Reactivity and selectivity of nitrenium ions derived from ester derivatives of carcinogenic N-(4-biphenylyl)hydroxylamine and the corresponding hydroxamic acid

Article abstract of DOI:10.1021/ja00074a010

N-Acetyl-N-(sulfonatooxy)-4-aminobiphenyl (1a) and N-(4-biphenylyl)-O-pivaloylhydroxylamine (1c) decompose in 5% CH₃CN/H₂O, μ = 0.5 M, at 20°C via rate-limiting N-O bond heterolysis to generate the nitrenium ion intermediates 2a and 2b, respectively.
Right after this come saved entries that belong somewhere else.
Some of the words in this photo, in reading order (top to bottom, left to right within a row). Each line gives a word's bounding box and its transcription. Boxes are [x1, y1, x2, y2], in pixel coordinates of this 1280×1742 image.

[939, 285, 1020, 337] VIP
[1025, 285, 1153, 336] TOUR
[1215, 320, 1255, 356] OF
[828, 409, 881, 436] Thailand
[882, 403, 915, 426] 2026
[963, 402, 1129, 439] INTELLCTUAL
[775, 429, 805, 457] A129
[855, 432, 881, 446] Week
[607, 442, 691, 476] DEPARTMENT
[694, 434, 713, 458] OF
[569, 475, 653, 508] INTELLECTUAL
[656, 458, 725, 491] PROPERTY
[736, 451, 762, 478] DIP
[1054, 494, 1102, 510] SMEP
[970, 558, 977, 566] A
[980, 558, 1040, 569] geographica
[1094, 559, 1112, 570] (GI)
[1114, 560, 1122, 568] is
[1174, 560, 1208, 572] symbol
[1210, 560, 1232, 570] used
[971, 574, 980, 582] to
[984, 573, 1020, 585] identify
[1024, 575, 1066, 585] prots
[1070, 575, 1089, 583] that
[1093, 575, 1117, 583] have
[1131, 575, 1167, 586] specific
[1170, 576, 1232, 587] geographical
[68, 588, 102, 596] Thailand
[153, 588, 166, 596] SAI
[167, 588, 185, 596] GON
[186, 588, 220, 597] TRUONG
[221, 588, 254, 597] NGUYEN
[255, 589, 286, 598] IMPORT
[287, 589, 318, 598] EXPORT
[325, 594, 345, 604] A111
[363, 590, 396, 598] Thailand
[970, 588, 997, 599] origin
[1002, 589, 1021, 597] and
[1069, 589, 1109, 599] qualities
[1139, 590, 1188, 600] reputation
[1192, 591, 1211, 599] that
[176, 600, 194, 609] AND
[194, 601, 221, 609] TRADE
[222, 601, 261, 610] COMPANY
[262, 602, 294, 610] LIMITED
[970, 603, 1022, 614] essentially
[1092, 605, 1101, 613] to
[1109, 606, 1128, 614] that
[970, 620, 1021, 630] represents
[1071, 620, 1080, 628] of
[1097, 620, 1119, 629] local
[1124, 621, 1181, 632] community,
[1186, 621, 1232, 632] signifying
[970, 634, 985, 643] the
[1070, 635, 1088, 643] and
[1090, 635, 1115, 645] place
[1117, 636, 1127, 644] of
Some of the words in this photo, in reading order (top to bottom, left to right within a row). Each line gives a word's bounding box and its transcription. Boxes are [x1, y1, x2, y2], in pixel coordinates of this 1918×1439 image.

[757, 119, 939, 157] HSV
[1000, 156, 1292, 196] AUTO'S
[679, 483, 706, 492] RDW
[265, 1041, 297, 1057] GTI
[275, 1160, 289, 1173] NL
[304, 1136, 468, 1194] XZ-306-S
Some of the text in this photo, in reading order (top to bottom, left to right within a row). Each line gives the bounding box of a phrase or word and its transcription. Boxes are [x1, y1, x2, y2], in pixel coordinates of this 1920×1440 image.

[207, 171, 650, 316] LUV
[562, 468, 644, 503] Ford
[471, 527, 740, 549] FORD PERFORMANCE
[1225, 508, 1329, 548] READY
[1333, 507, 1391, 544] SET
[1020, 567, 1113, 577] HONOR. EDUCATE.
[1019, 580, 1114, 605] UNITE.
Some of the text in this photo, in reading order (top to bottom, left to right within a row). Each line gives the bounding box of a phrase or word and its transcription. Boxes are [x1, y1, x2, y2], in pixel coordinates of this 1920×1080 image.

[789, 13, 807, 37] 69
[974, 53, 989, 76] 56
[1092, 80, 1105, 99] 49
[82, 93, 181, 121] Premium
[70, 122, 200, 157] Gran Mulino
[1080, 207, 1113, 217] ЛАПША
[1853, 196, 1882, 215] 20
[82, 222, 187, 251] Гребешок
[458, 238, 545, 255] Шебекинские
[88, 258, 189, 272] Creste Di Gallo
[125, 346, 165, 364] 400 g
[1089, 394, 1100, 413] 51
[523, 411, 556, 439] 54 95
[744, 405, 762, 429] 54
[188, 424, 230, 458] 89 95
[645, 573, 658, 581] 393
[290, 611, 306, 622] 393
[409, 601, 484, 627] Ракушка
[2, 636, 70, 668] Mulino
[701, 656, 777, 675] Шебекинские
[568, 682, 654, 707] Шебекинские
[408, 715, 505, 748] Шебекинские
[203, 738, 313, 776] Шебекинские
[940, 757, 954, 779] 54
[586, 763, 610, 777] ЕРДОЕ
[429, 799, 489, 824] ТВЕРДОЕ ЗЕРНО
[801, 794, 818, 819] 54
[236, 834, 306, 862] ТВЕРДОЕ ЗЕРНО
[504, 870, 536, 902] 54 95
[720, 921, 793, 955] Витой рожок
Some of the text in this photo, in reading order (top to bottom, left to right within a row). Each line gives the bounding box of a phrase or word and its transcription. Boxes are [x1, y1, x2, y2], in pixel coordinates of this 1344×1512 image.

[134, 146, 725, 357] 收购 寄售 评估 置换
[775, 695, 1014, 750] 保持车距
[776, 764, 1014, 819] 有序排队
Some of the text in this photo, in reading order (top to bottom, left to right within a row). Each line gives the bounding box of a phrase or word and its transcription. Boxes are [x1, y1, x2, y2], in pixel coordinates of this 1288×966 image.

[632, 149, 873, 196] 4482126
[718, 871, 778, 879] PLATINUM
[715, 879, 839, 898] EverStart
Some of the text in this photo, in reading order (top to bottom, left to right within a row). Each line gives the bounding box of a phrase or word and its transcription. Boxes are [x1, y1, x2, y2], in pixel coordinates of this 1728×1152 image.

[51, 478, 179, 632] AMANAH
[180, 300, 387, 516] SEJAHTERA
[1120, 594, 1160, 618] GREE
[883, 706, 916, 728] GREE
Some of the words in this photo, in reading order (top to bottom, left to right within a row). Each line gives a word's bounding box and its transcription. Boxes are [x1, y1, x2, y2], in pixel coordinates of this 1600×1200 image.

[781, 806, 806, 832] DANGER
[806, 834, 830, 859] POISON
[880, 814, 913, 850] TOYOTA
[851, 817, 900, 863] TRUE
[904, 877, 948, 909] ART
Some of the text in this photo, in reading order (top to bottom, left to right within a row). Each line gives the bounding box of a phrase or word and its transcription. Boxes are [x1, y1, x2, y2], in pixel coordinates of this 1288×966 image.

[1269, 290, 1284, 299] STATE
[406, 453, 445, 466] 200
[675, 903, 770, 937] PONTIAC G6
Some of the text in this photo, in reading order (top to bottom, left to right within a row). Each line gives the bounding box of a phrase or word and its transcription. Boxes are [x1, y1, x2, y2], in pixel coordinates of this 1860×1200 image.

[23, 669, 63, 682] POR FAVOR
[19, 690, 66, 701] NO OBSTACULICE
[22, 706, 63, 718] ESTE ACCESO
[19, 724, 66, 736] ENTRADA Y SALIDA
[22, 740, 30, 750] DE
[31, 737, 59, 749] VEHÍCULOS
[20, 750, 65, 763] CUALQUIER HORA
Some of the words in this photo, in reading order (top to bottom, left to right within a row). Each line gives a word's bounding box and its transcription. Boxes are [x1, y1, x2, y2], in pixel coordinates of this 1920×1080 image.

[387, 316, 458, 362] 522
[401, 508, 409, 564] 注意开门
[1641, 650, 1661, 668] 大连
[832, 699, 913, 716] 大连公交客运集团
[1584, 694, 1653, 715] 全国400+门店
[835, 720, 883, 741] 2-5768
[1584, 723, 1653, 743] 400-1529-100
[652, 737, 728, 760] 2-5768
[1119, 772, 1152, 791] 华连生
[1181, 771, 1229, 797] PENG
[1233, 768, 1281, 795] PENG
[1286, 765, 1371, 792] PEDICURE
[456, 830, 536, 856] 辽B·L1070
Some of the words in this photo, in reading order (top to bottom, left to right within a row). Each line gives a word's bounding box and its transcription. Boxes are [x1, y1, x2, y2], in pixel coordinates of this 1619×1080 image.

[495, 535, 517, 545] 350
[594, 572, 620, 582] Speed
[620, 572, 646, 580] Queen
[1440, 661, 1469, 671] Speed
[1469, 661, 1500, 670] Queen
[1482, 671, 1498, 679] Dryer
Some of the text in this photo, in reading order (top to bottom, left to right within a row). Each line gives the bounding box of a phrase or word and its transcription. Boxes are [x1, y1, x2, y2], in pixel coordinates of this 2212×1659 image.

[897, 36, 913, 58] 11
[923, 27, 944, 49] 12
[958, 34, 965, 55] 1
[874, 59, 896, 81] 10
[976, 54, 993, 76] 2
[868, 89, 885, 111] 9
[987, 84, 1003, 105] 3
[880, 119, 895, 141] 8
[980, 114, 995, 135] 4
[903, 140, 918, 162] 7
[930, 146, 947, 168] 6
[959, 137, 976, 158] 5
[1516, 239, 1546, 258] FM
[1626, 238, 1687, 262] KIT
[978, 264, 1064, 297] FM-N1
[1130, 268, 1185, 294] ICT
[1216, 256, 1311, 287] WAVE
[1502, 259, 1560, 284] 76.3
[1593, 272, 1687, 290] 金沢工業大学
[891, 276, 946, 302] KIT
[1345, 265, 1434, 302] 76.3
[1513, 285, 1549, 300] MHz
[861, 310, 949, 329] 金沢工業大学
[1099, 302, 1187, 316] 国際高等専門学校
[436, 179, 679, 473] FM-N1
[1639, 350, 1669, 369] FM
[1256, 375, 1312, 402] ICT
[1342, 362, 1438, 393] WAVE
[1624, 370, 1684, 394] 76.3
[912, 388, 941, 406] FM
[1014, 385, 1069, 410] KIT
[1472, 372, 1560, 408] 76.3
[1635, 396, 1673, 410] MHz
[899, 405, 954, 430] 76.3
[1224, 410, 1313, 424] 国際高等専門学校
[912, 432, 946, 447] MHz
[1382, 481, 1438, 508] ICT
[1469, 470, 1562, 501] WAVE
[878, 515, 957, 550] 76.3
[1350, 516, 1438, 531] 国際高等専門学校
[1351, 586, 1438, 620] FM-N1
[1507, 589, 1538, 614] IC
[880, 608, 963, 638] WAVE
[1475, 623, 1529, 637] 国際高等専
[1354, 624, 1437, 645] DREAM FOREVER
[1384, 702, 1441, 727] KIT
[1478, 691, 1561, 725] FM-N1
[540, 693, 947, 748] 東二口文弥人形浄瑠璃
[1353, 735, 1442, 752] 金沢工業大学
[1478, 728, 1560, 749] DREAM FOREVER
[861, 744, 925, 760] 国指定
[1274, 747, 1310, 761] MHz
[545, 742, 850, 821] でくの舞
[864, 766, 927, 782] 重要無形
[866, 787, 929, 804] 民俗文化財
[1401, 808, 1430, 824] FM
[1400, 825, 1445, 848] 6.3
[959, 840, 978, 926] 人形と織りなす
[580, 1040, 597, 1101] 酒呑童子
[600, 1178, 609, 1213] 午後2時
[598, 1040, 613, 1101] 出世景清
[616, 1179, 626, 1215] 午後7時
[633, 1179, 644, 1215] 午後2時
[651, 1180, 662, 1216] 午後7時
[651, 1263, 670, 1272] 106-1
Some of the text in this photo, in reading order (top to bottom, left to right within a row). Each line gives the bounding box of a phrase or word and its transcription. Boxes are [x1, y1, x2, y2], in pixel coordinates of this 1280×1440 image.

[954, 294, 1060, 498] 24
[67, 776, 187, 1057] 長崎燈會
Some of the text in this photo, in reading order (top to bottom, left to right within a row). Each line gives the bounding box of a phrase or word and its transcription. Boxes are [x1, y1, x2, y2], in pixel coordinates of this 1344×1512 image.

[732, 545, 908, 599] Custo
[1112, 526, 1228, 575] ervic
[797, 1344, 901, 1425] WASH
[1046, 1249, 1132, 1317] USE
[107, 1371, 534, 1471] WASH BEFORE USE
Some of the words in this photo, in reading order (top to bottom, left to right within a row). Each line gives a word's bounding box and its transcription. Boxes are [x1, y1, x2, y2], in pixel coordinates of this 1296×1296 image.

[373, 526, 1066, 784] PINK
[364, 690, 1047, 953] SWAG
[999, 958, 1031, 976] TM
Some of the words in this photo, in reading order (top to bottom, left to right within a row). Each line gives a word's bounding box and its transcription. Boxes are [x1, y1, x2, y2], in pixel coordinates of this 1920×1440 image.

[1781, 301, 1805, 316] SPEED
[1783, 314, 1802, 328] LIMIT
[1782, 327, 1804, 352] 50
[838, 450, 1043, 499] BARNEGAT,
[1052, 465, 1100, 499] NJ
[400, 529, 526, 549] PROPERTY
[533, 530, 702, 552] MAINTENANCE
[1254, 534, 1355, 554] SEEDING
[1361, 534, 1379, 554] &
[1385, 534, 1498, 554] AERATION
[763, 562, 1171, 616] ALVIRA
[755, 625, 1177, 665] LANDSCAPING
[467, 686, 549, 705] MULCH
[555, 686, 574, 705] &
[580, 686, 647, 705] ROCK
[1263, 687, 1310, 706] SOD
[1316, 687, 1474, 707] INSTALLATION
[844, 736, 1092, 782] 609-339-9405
Addition of Cl^- (≤0.5 M) or N₃^- (≤0.05 M) causes a marked decrease in the yields of all hydrolysis products derived from 1a and 1c, except the rearrangement products 10a and 11, without any change in the hydrolysis rate constants. At 0.5 M Cl^- more than 75% of the trappable hydrolysis products of 1a are replaced by the chloro adduct 7a without any observable change in the hydrolysis rate constant, and at 0.025 M N₃^- 96% of the trappable hydrolysis products of 1a are replaced by the azide adduct 8a, again, without an observable change in the hydrolysis rate constant. Similar results are obtained for 1c. The nucleophile/solvent selectivity ratios, k_cl/k_s and k_az/k_s, are 7.4 ± 0.3 M^-1 and (1.02 ± 0.04) × 10³ M^-1, respectively, for 2a. For 2b k/_cl/k_s is 15.7 ± 0.8 M^-1 and k_az/k_s is (2.9 ± 0.2) × 10³ M^-1. If k_az is at the diffusion controlled limit of 5 × 10⁹ M^-1 s^-1, k_s for 2a is 4.9 × 10₆ s^-1, and k_s for 2b is 1.7 × 10⁶ s^-1. Both of these ions are considerably less labile to solvent attack than 1-phenylethyl or cumyl carbocations with a 4-phenyl substituent. Surprisingly, 2a and 2b differ in their reactivity to solvent by only a factor of 3, while the estimated rate constants for their generation from starting materials with identical leaving groups differ by a factor of 10⁶. This phenomenon is similar to the situation previously observed by Richard for 1-aryl2,2,2-trifluoroethyl and 1-arylethyl carbocations and may be due to similar factors. A detailed mechanism for the hydrolysis of 1a and 1c, which is consistent with all available experimental data, is presented. The implications of these results for the mechanisms of chemical carcinogenesis by N-arylhydroxylamine derivatives are discussed.